[Records to process Boundary: Start]
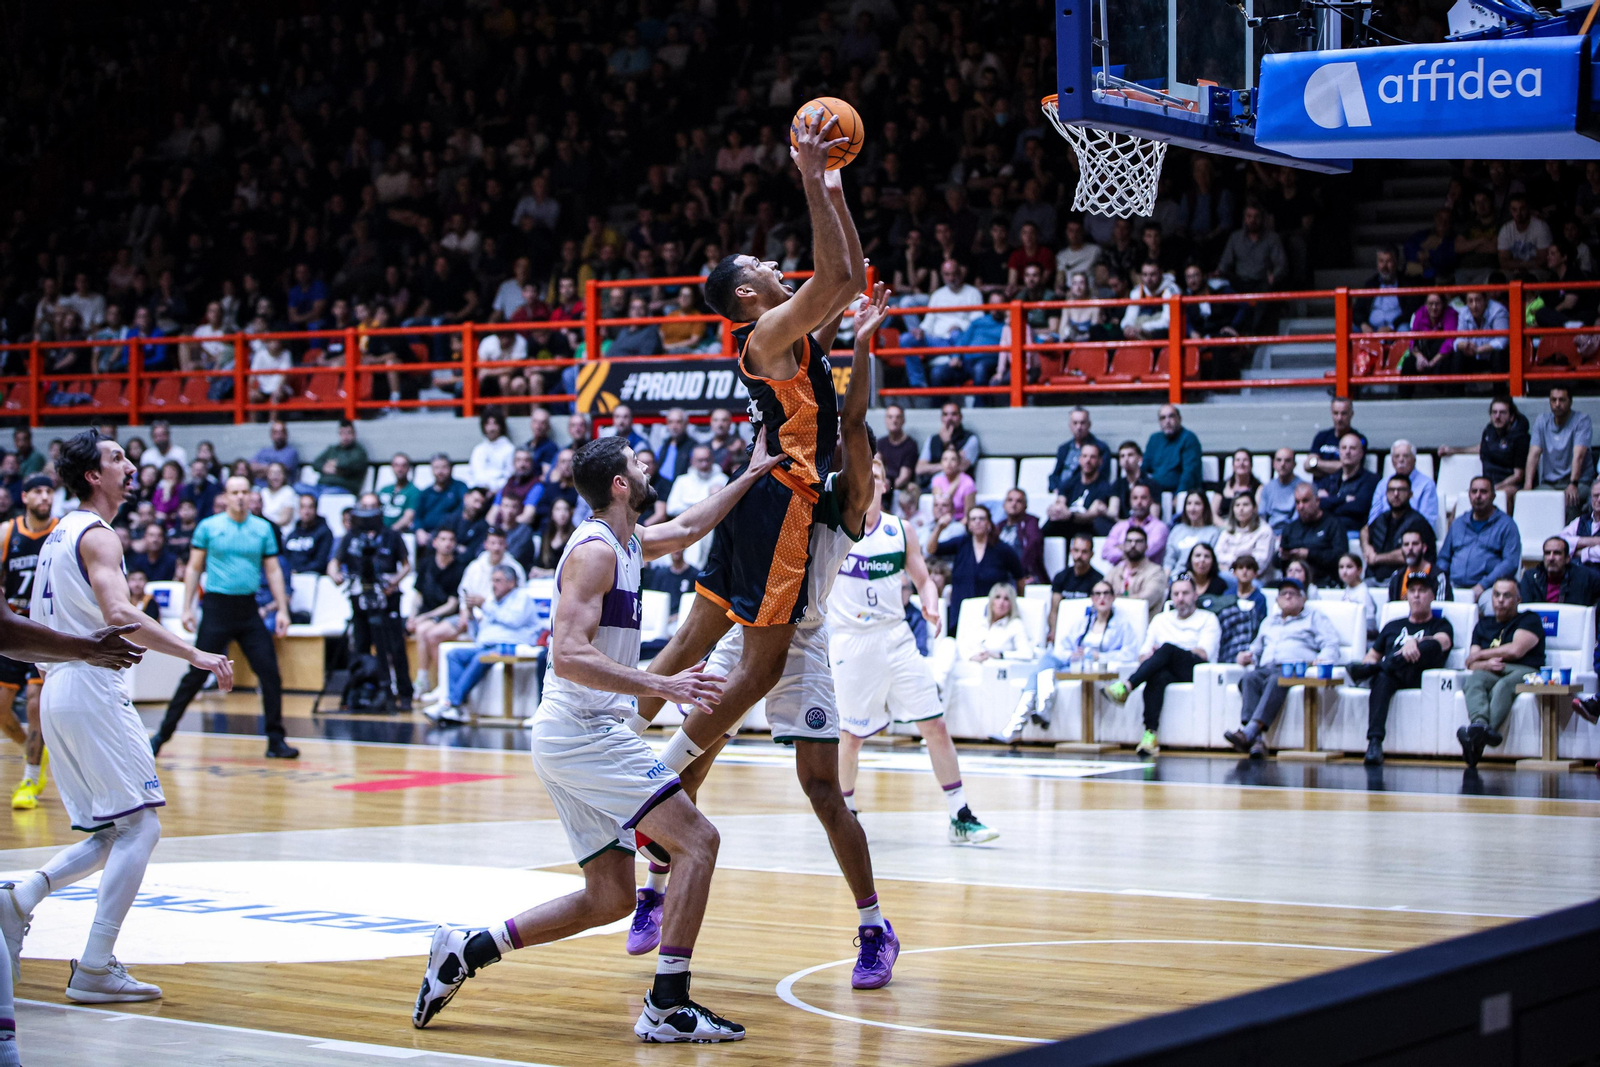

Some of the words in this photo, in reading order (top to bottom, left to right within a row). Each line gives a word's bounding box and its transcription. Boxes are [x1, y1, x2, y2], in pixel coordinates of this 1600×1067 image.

[1378, 57, 1542, 104] affidea
[620, 371, 697, 401] #PROUD
[700, 370, 734, 400] TO
[858, 560, 895, 575] Unicaja
[866, 586, 878, 607] 9
[1440, 678, 1453, 691] 24
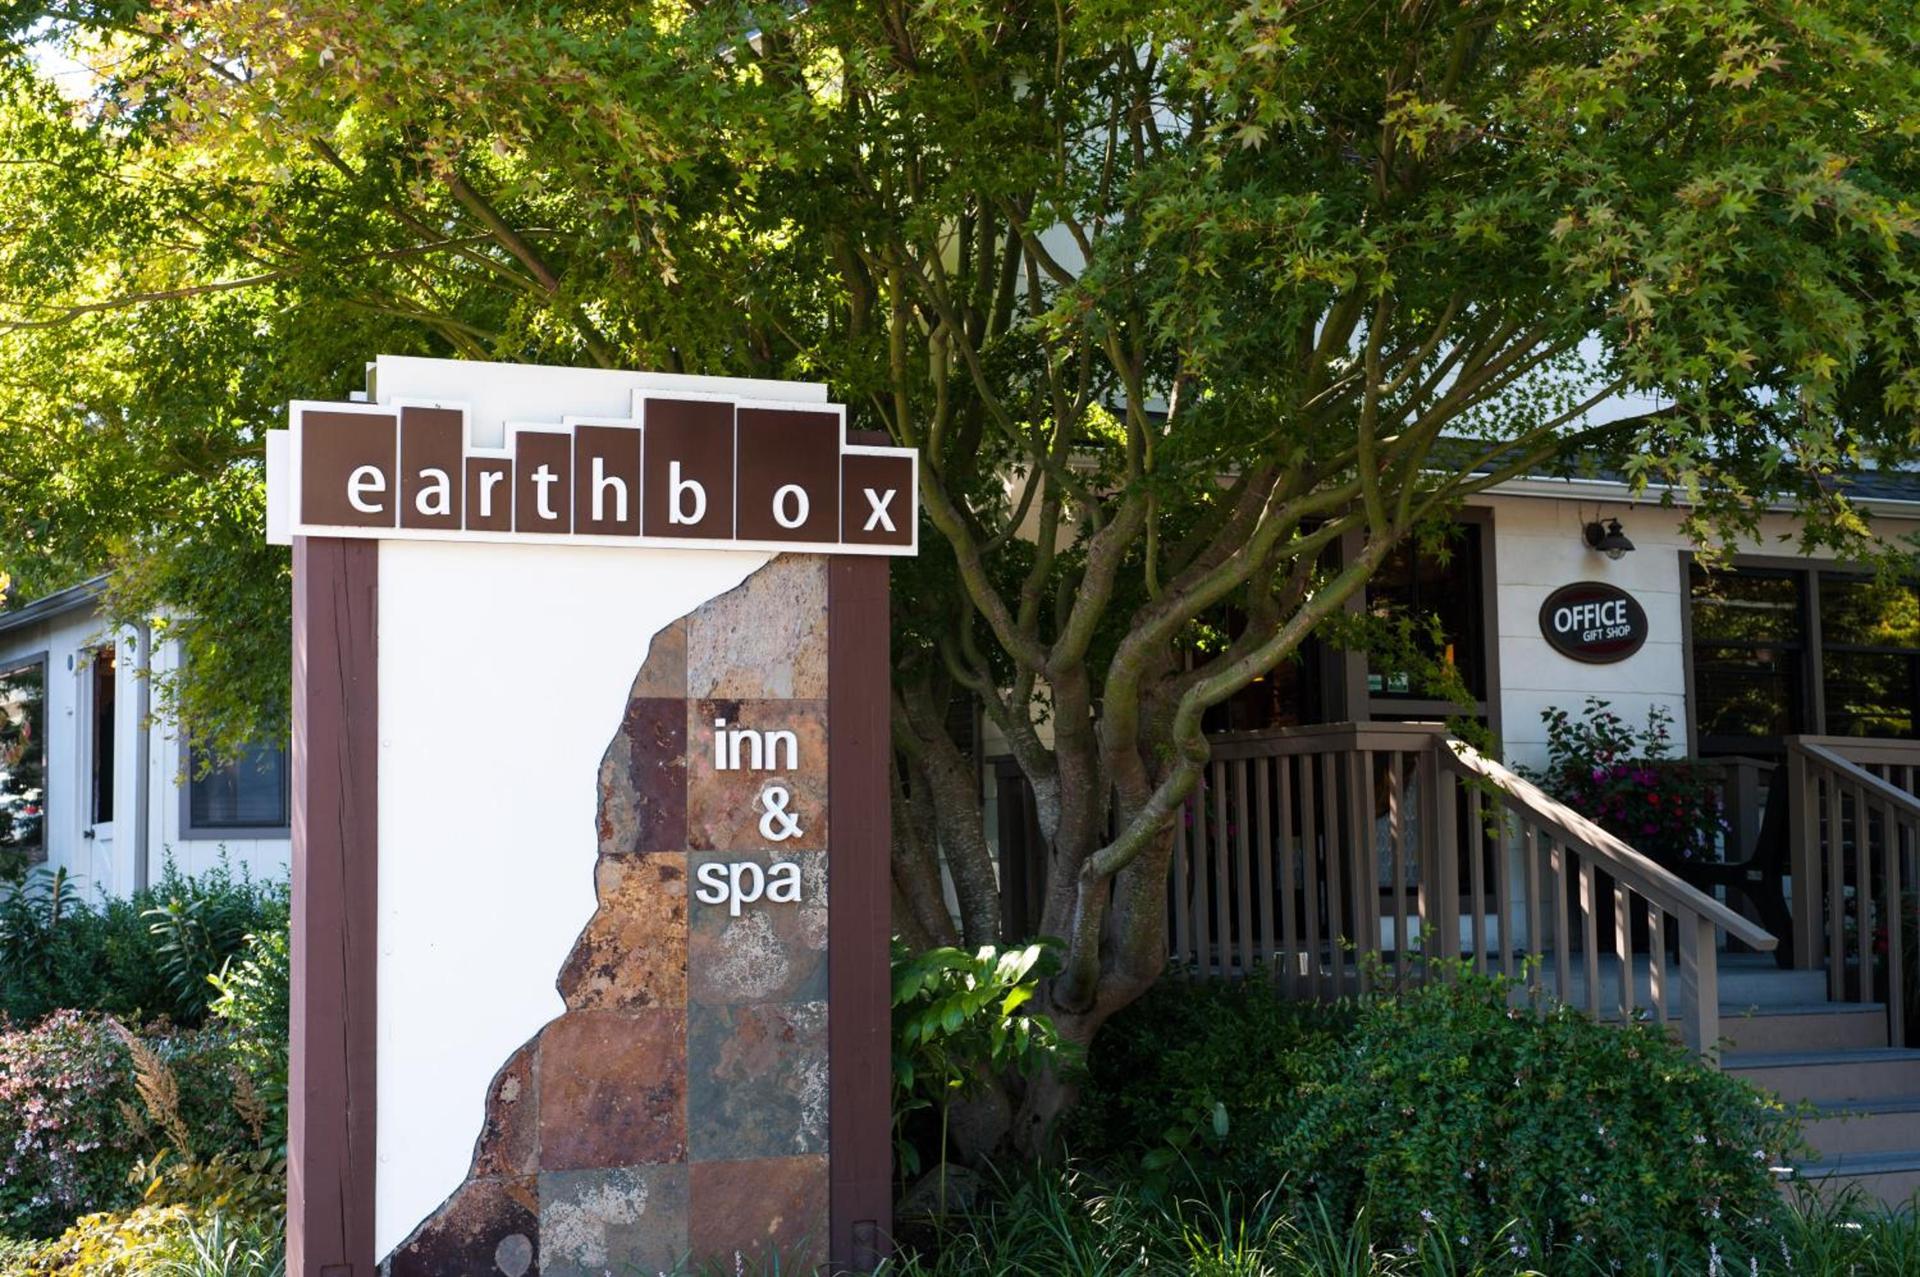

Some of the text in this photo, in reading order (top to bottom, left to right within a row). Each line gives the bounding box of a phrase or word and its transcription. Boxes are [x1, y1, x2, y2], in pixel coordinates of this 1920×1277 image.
[Records to process Boundary: End]
_Work to be completed:_
Return the entries unchanged, save for the pictures, which do not belong in the copy.

_Answer to this problem:_
Some of the words in this photo, in reading order (top to bottom, left to right within a row). Each line gives a word's bounding box and its transcription. Boxes are [x1, y1, x2, y2], in pixel coordinates of this 1600×1067 image.

[1378, 57, 1542, 104] affidea
[620, 371, 697, 401] #PROUD
[700, 370, 734, 400] TO
[858, 560, 895, 575] Unicaja
[866, 586, 878, 607] 9
[1440, 678, 1453, 691] 24

Some of the text in this photo, in reading order (top to bottom, left to right within a row). Each line gives the bounding box of a phrase or word and its transcription. Boxes are [x1, y1, x2, y2], in pixel coordinates of this 1920×1277 image.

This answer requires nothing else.